Vérification sémantique de liens hypertextes avec LSA

Philippe Dessus

Laboratoire des sciences de l’éducation,

Bât SHM, 1251 av. Centrale, BP 47,

Université Pierre-Mendès-France

38040 GRENOBLE CEDEX

Philippe.Dessus@upmf-grenoble.f



RESUME : L’objet de cet article est de vérifier si une méthode d’analyse factorielle multidimensionnelle issue de la recherche automatique de documents prédit de manière adéquate les liens hypertextes de deux types de bases textuelles sur l’astronomie : un dictionnaire encyclopédique et un ensemble de cours sur Internet. Notre première étude a montré que la relation de proximité sémantique entre deux termes (une entrée et une cible) liés hypertextuellement dans le dictionnaire croît avec la typicalité de l’entrée. À un niveau plus général, LSA prédit correctement l’ordonnance de documents WWW formant un cours. Il pourrait donc être utilisé à cette fin dans un logiciel générant des documents didactiques qui reste à implémenter.
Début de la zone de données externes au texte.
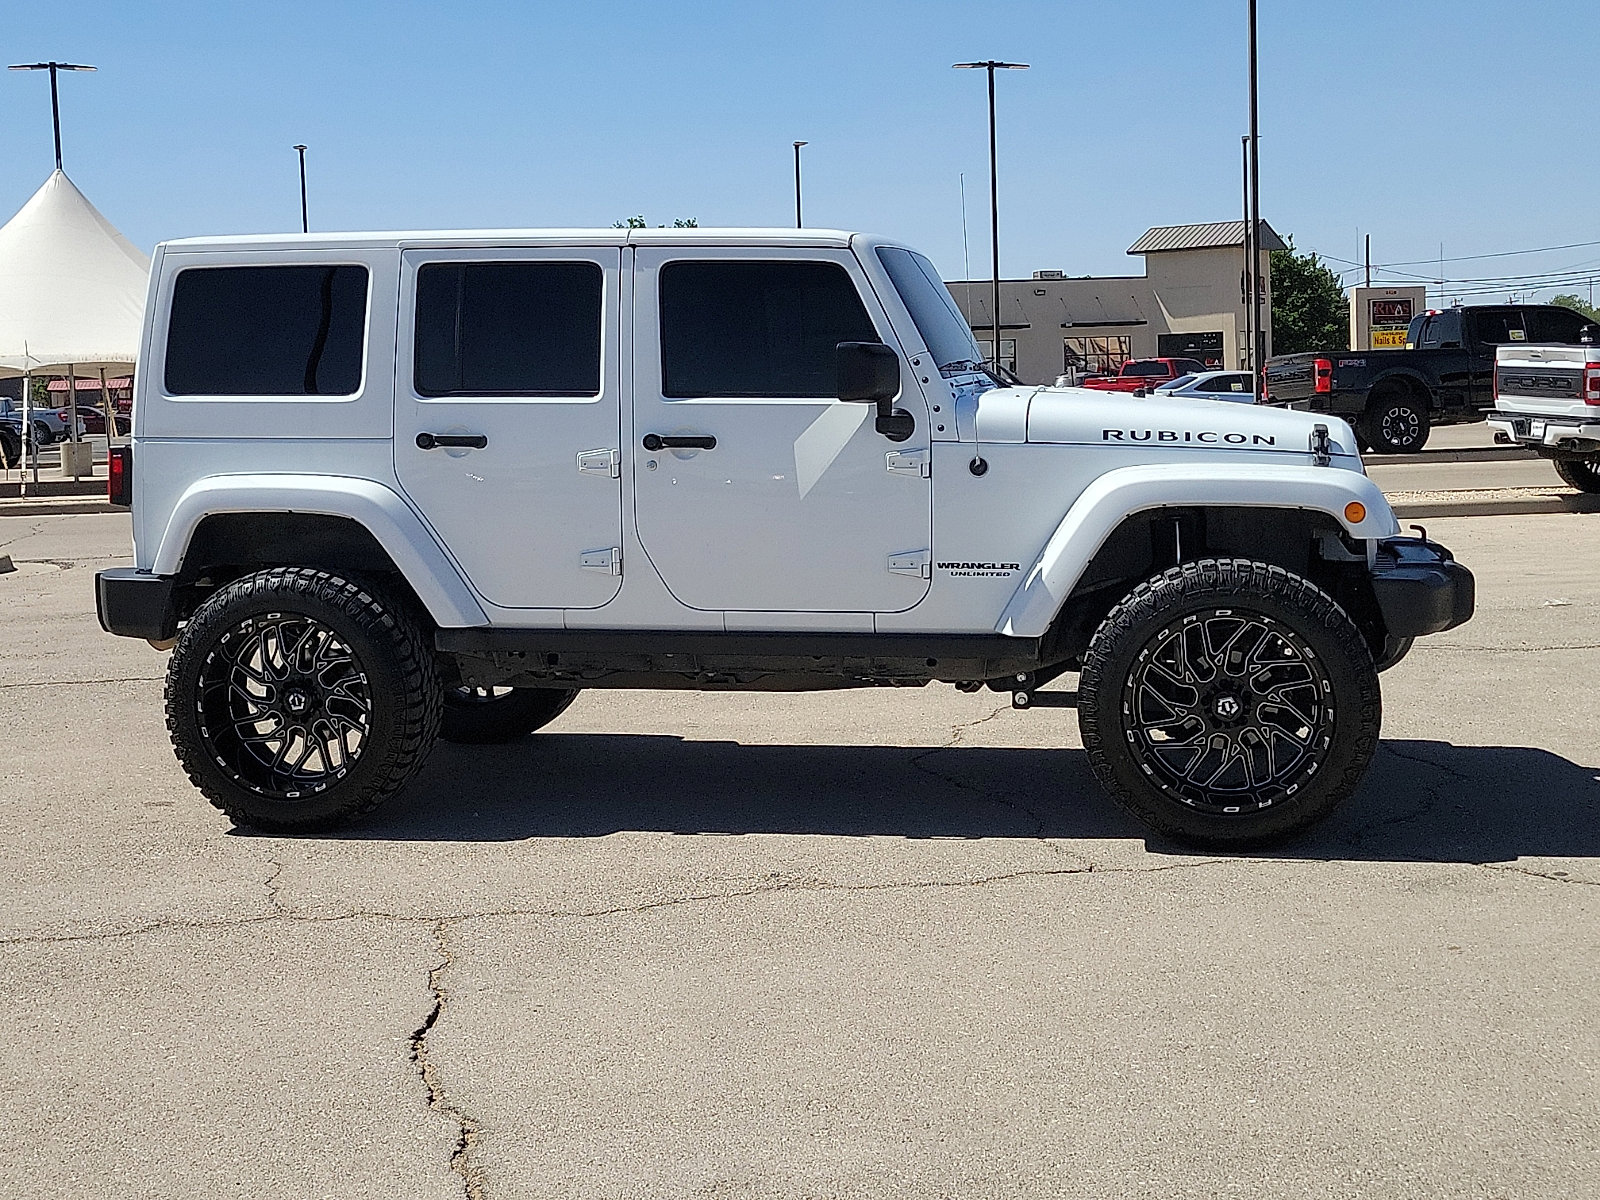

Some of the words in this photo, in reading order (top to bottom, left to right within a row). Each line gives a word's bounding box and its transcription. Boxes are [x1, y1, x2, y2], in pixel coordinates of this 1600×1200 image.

L’avantage de LSA est qu’il ne requiert pas, comme la plupart des systèmes issus de la recherche documentaire, d’index « manuel » dont la qualité est trop dépendante de la personne qui le construit. ABSTRACT : The purpose of this paper is to test whether LSA, a factorial analysis IR method, predicts hypertext links of two text corpora. Two documents were used: a hypertext dictionary and an Internet course, both in astronomy. A first study shows that given two linked terms (an entry and its target), the more the entry is typical, the more both terms are semantically close. In a second study we show that LSA predicts the WWW course structure. LSA does not require complex human pre-processing and could be used to automatically create hypertext courses. MOTS-CLES : Génération automatique de liens, LSA (latent semantic analysis), Recherche automatique de documents, Documents WWW, Encyclopédie sur CD-ROM. KEY WORDS : Automatic Hypertext Links Processing, LSA (Latent Semantic Analysis), Information Retrieval, Web documents, CD-ROM encyclopedia.


2 Titre de l’ouvrage

1. Introduction

L’objet de cet article est de vérifier si une méthode d’analyse factorielle multidimensionnelle issue de la recherche automatique de documents prédit de manière adéquate les liens hypertextes de deux types de bases textuelles sur l’astronomie : un dictionnaire encyclopédique et un ensemble de cours sur Internet. LSA (latent semantic analysis), le modèle utilisé ici, rend compte assez fidèlement de l’apprentissage et de l’utilisation du langage humain, pour peu qu’on lui ait fait traiter, au préalable, de grands corpora [LAN 97]. Il a également été testé avec succès dans l’évaluation de la cohérence textuelle [FOL 98]. Pour ces raisons, nous allons ici tester ses capacités pour révéler la nature sémantique de liens hypertextes dans de grands corpora textuels, en vérifiant les relations de synonymie entre deux termes liés hypertextuellement (une entrée et une cible), ainsi que la grandeur de l’effet de l’introduction d’un document de cours dans une base textuelle du même domaine. Si notre test s’avère concluant, LSA pourrait être utilisé comme aide à la génération de liens hypertextes ou à l’ordonnance de documents de cours, sans requérir préalablement de formalisation sémantique du domaine de la part du concepteur. On peut distinguer trois approches visant à hypertextualiser automatiquement un document [BAL 96] :

–l’approche structurelle qui permet une conversion automatique de textes en hypertexte, une fois que la structure du document a été définie par l’auteur [WEN 96]. Si la navigation dans un ensemble de liens hypertextes induit une charge mentale importante pour le lecteur [EDW 89], il en est de même pour l’auteur à propos de la conception de ces liens¹ . La conversion de plus larges corpora de textes devient donc encore plus longue et problématique ²;

— l’approche linguistique qui permet, à l’aide d’une indexation préalable (au niveau syntaxique), de proposer des mots-clés que le lecteur pourra suivre ; — l’approche statistique où l’on construit, par analyse factorielle, un espace vectoriel multidimensionnel où les documents et/ou termes sont représentés d’après leurs co-occurrences. Des requêtes [CUN 97] ou des cartes [CHE 97] permettent à l’utilisateur de se repérer au sein de cet espace vectoriel et de récupérer les documents correspondants.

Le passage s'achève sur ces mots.